Phrase grounding data:
--- --- ---

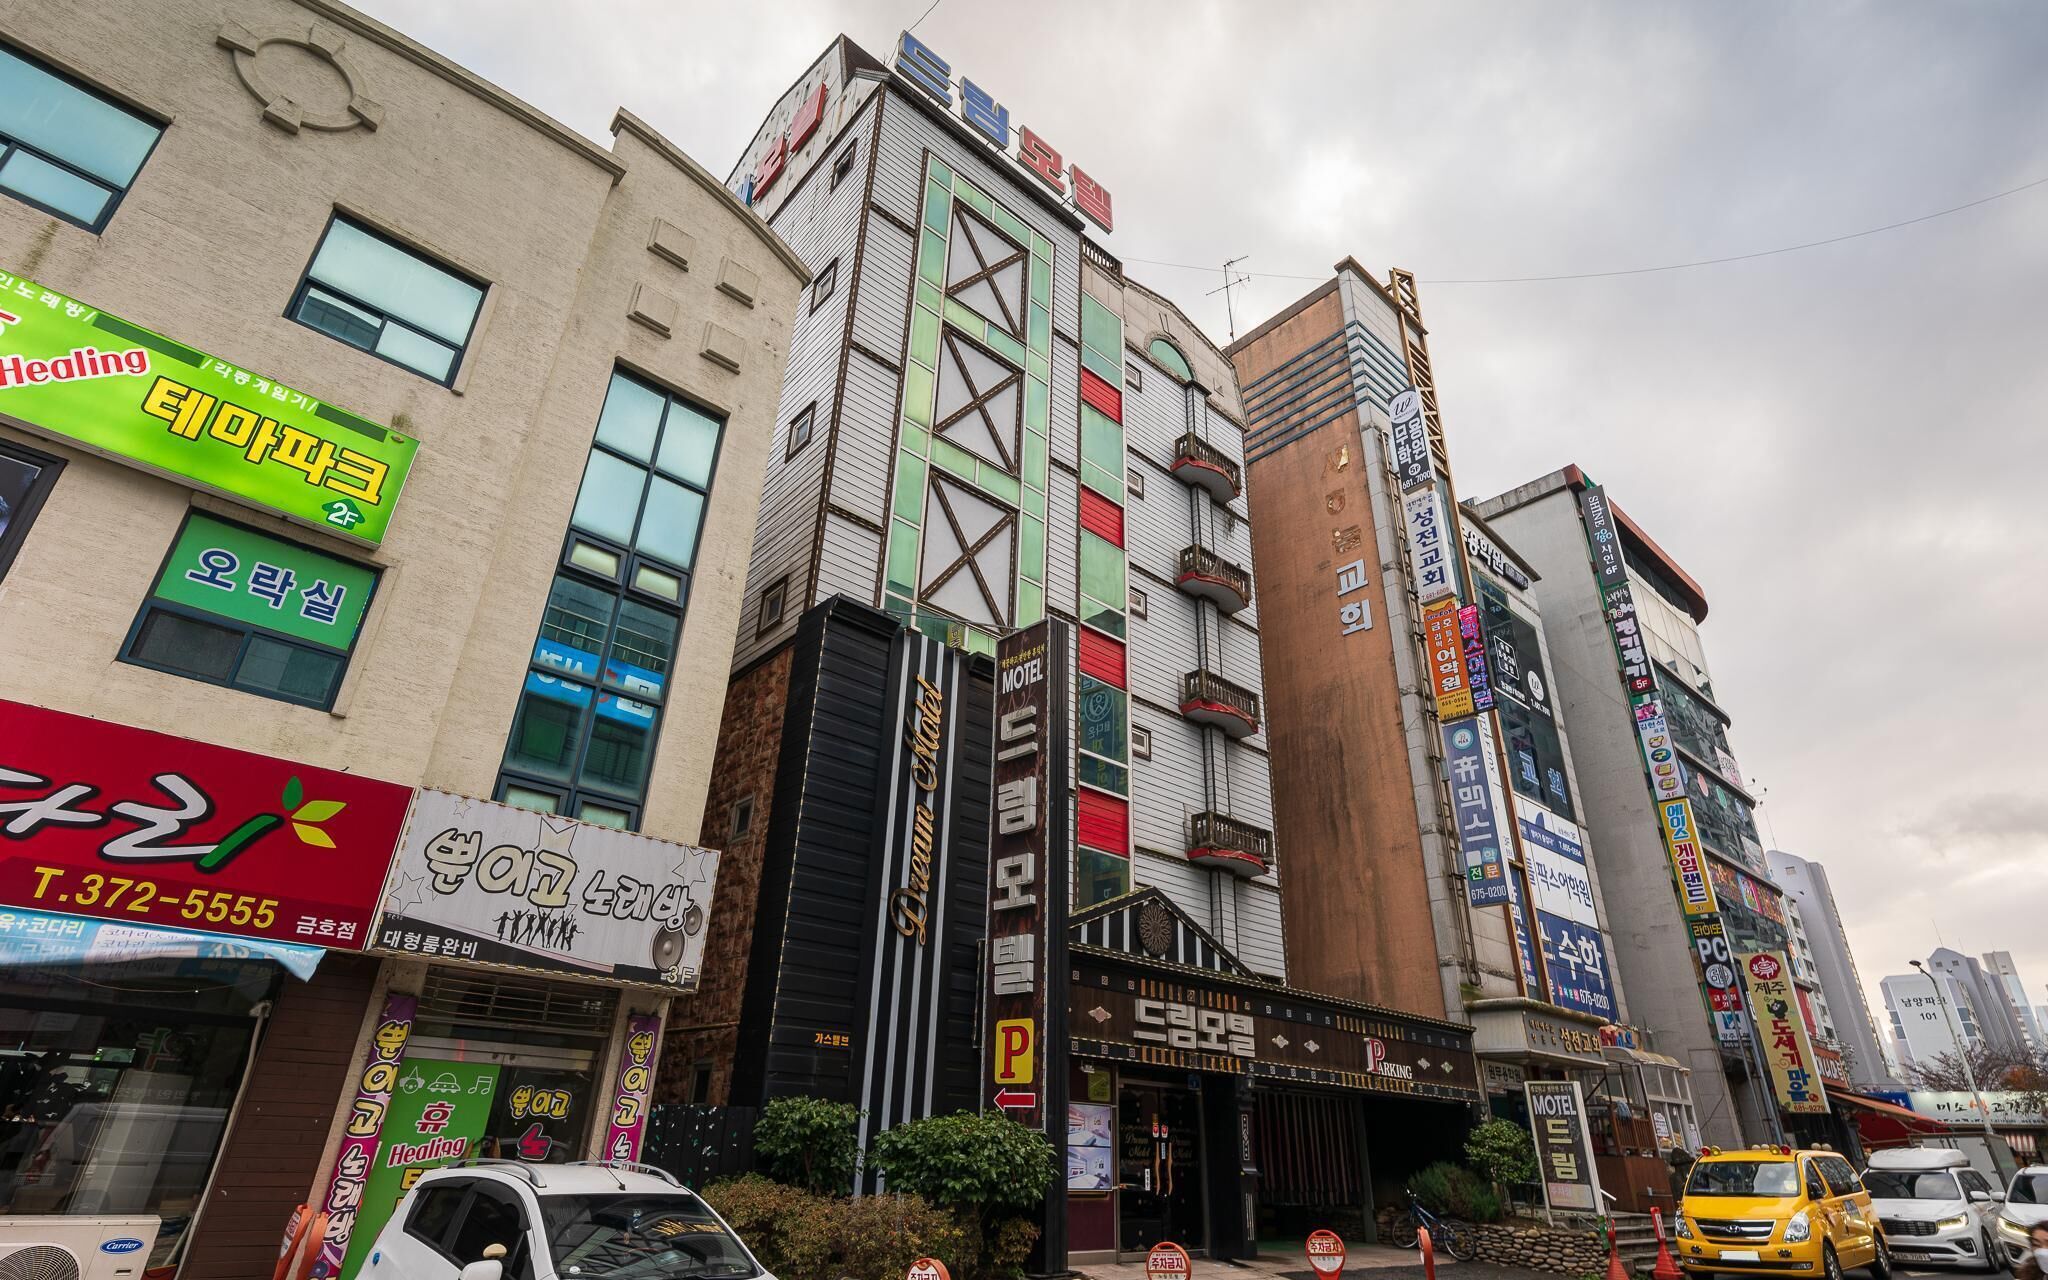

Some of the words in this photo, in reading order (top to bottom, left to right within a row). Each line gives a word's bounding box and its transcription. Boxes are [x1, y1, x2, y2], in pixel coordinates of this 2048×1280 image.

[895, 30, 1113, 235] 드림모텔
[0, 347, 149, 388] Healing
[141, 375, 390, 506] 테마파크
[328, 502, 359, 526] 2F
[1589, 495, 1605, 528] SHINE
[1412, 506, 1446, 588] 성전교회
[186, 548, 346, 625] 오락실
[1605, 564, 1618, 575] 6F
[1002, 657, 1044, 695] MOTEL
[1436, 645, 1462, 692] 어학원
[1636, 679, 1648, 689] 5F
[905, 672, 944, 792] Motel
[1453, 756, 1492, 842] 휴맥스
[1666, 803, 1690, 841] 에이스
[993, 705, 1039, 995] 드림모텔
[889, 800, 936, 946] Dream
[1471, 884, 1507, 900] 675-0200
[1674, 842, 1709, 905] 게임랜드
[31, 866, 279, 929] T.372-5555
[582, 868, 695, 931] 노래방
[295, 915, 358, 941] 금호점
[382, 929, 479, 959] 대형룸완비
[1558, 929, 1607, 992] 수학
[1697, 936, 1729, 963] PC
[665, 964, 695, 986] 3F
[1754, 981, 1787, 996] 제주
[1133, 998, 1257, 1058] 드림모텔
[1919, 1012, 1938, 1021] 101
[1000, 1025, 1030, 1079] P
[1364, 1037, 1413, 1081] PARKING
[416, 1101, 456, 1134] 휴
[1532, 1095, 1577, 1116] MOTEL
[386, 1136, 468, 1168] Healing
[1545, 1119, 1579, 1180] 드림
[324, 1143, 369, 1247] 노래방
[105, 1240, 140, 1252] Carrier
[1151, 1257, 1184, 1270] 주차금지
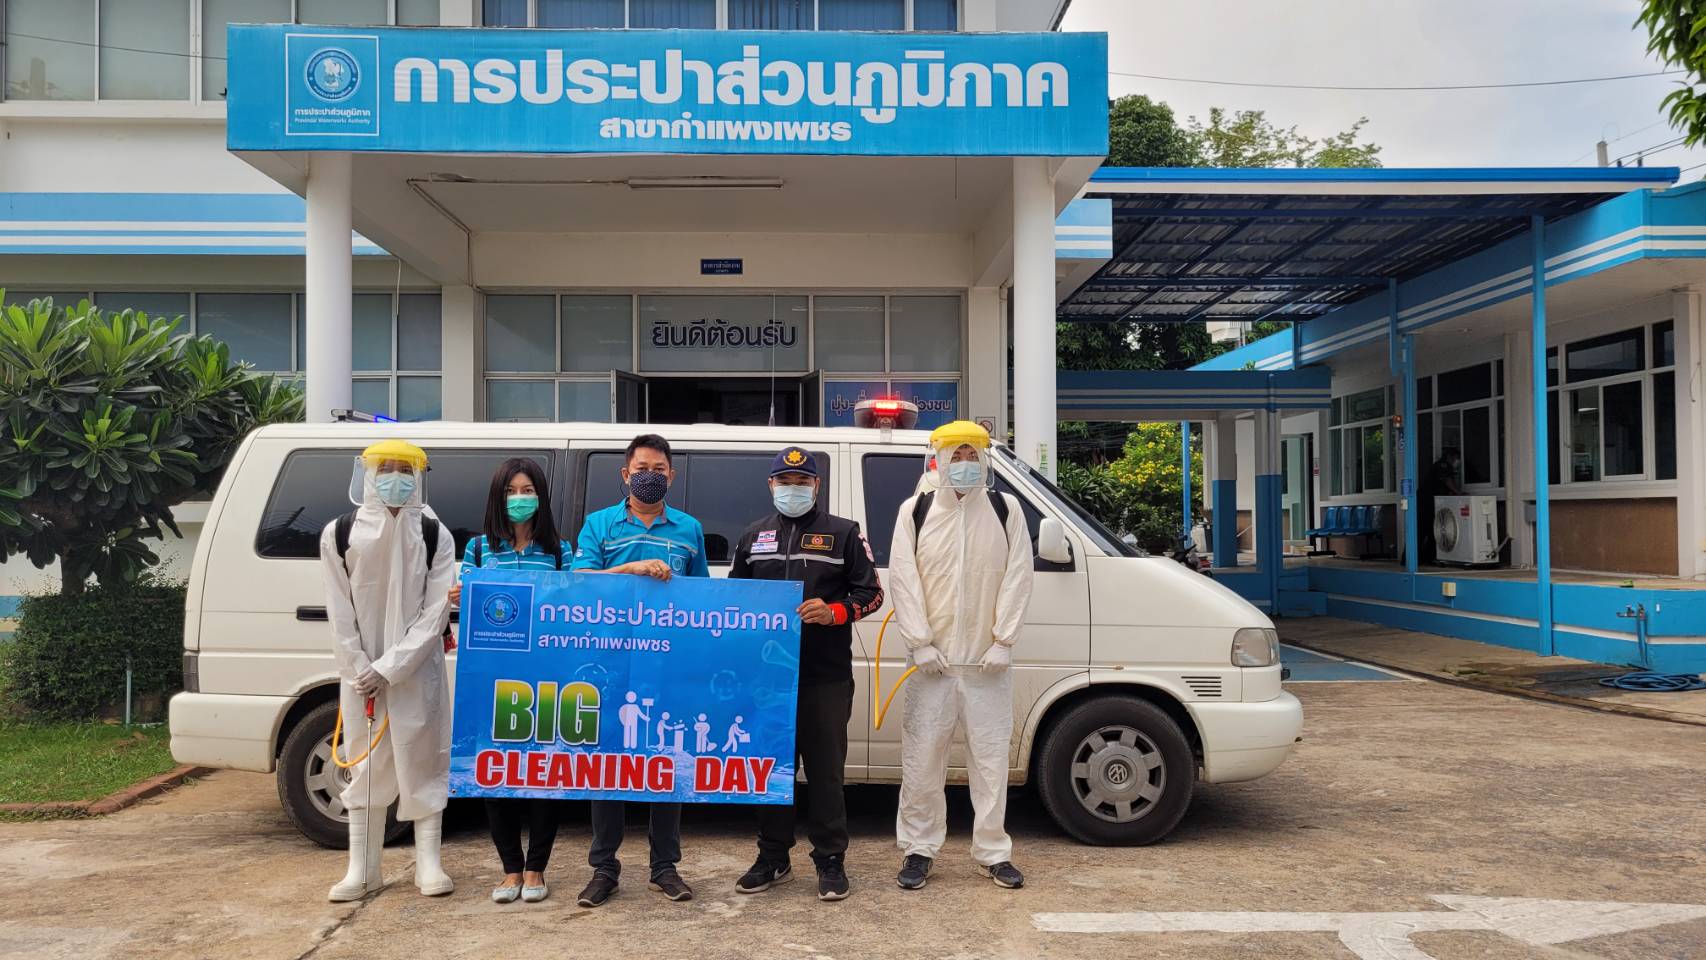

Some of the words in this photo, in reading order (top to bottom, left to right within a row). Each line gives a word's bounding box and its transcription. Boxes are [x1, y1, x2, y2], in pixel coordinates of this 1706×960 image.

[394, 45, 1069, 123] การประปาส่วนภูมิภาค
[600, 112, 853, 141] สาขากำแพงเพชร
[651, 318, 797, 347] ยินดีต้อนรับ
[539, 600, 788, 637] การประปาส่วนภูมิภาค
[538, 631, 671, 652] สาขากำแพงเพชร
[491, 679, 600, 746] BIG
[475, 749, 675, 793] CLEANING
[694, 755, 776, 794] DAY

--- --- ---

### Problem statement
The copy you output must match the entries above exactly, except that it has no pictures.

### Response box
Some of the words in this photo, in reading order (top to bottom, left to right within a row). Each line gives a word's bounding box and its transcription. Boxes are [x1, y1, x2, y2], in pixel coordinates of this 2048×1280 image.

[895, 30, 1113, 235] 드림모텔
[0, 347, 149, 388] Healing
[141, 375, 390, 506] 테마파크
[328, 502, 359, 526] 2F
[1589, 495, 1605, 528] SHINE
[1412, 506, 1446, 588] 성전교회
[186, 548, 346, 625] 오락실
[1605, 564, 1618, 575] 6F
[1002, 657, 1044, 695] MOTEL
[1436, 645, 1462, 692] 어학원
[1636, 679, 1648, 689] 5F
[905, 672, 944, 792] Motel
[1453, 756, 1492, 842] 휴맥스
[1666, 803, 1690, 841] 에이스
[993, 705, 1039, 995] 드림모텔
[889, 800, 936, 946] Dream
[1471, 884, 1507, 900] 675-0200
[1674, 842, 1709, 905] 게임랜드
[31, 866, 279, 929] T.372-5555
[582, 868, 695, 931] 노래방
[295, 915, 358, 941] 금호점
[382, 929, 479, 959] 대형룸완비
[1558, 929, 1607, 992] 수학
[1697, 936, 1729, 963] PC
[665, 964, 695, 986] 3F
[1754, 981, 1787, 996] 제주
[1133, 998, 1257, 1058] 드림모텔
[1919, 1012, 1938, 1021] 101
[1000, 1025, 1030, 1079] P
[1364, 1037, 1413, 1081] PARKING
[416, 1101, 456, 1134] 휴
[1532, 1095, 1577, 1116] MOTEL
[386, 1136, 468, 1168] Healing
[1545, 1119, 1579, 1180] 드림
[324, 1143, 369, 1247] 노래방
[105, 1240, 140, 1252] Carrier
[1151, 1257, 1184, 1270] 주차금지

Some of the words in this photo, in reading order (top to bottom, left to right within a row). Each line gives a word's bounding box and its transcription. Boxes are [x1, y1, x2, y2], in pixel coordinates of this 1706×960 image.

[394, 45, 1069, 123] การประปาส่วนภูมิภาค
[600, 112, 853, 141] สาขากำแพงเพชร
[651, 318, 797, 347] ยินดีต้อนรับ
[539, 600, 788, 637] การประปาส่วนภูมิภาค
[538, 631, 671, 652] สาขากำแพงเพชร
[491, 679, 600, 746] BIG
[475, 749, 675, 793] CLEANING
[694, 755, 776, 794] DAY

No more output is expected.